Nach erfolgter Freigabe erfolgt die Abgabe unter Sicherstellung folgender Punkte:
- Arzneimittelbehältnis und ggf. alle Applikationshilfen werden korrekt übergeben
- Alle Warnhinweise und Anwendungshinweise befinden sich gut sichtbar auf der Verpackung
- Eine Beratung des Patienten zur sicheren Handhabung, Dosierung und Lagerung des Arzneimittels erfolgt
- Die Dokumentation der Abgabe rundet den Herstellungsprozess ab, auch für evtl. Rückfragen, Reklamationen oder Nebenwirkungsmeldungen
Gerade im Bereich Rezeptur und Defektur ist es zentral, auf die individuellen Risiken einzugehen – von niedrigen sensorischen Anforderungen bis hin zu umfangreichen Prüfungen bei sensiblen, sterilen oder toxischen Zubereitungen.
Zusammenfassung
- Die Freigabeprüfung ist der letzte verpflichtende Qualitätsschritt vor der Abgabe und erfolgt stets durch eine approbierte Person.

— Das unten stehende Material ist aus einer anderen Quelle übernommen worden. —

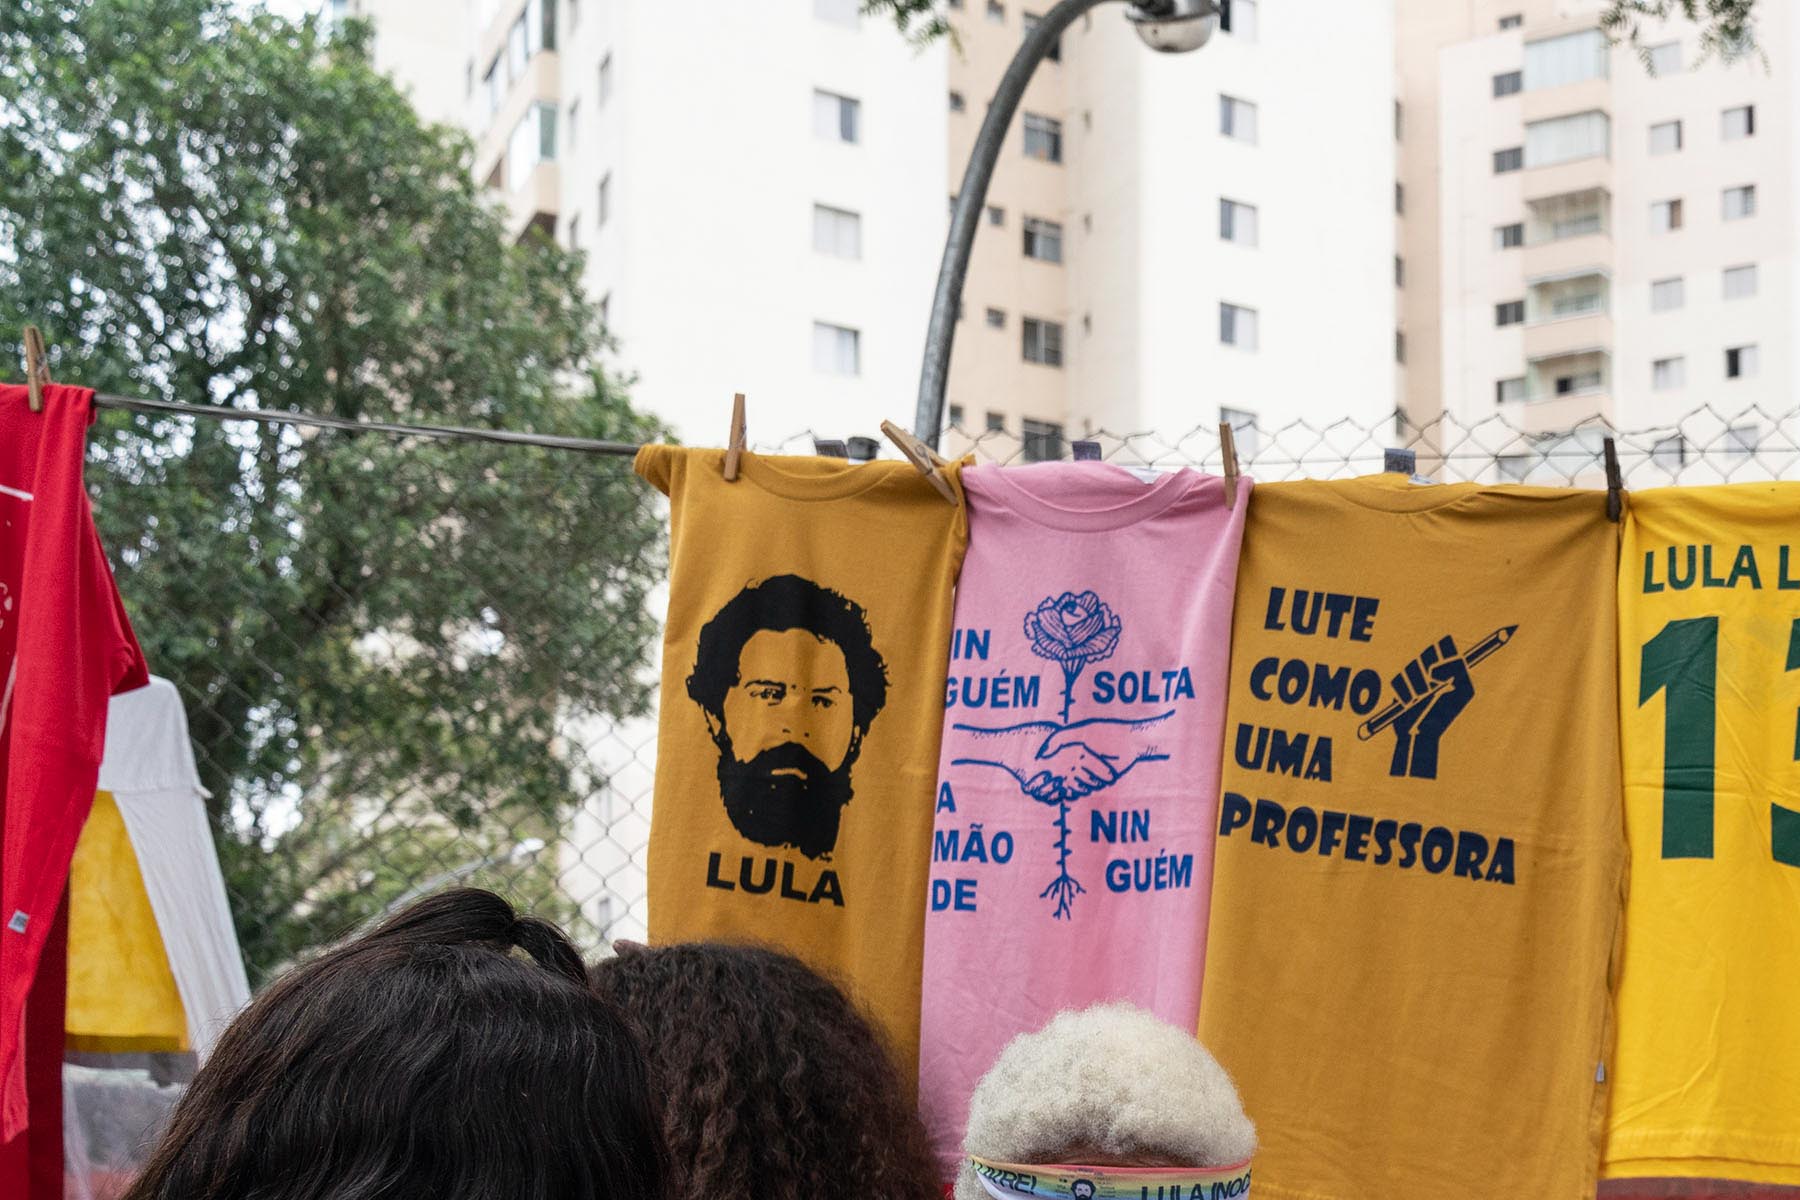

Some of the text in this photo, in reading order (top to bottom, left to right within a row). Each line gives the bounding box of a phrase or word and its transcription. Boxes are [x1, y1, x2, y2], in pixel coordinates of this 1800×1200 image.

- Die Prüftiefe richtet sich nach Risikoaspekten wie Zubereitungsart, Wirkstoff, Applikationsweg und Chargengröße.
- Elemente der Freigabeprüfung umfassen Herstellungsprotokoll, Inprozesskontrollen, sensorische Endkontrolle, Packmittelkontrolle sowie Kennzeichnung.
- Nur nach dokumentierter Freigabe darf die Abgabe erfolgen – inklusive aller Hinweise für eine sichere Anwendung!
- Rückfragen zur Freigabeprüfung im Beratungsgespräch oder in der eigenen Prüfungspraxis/Apotheke gehören zum pharmazeutischen Alltag. Hier ist ein systematisches, risikoadaptiertes Vorgehen Pflicht.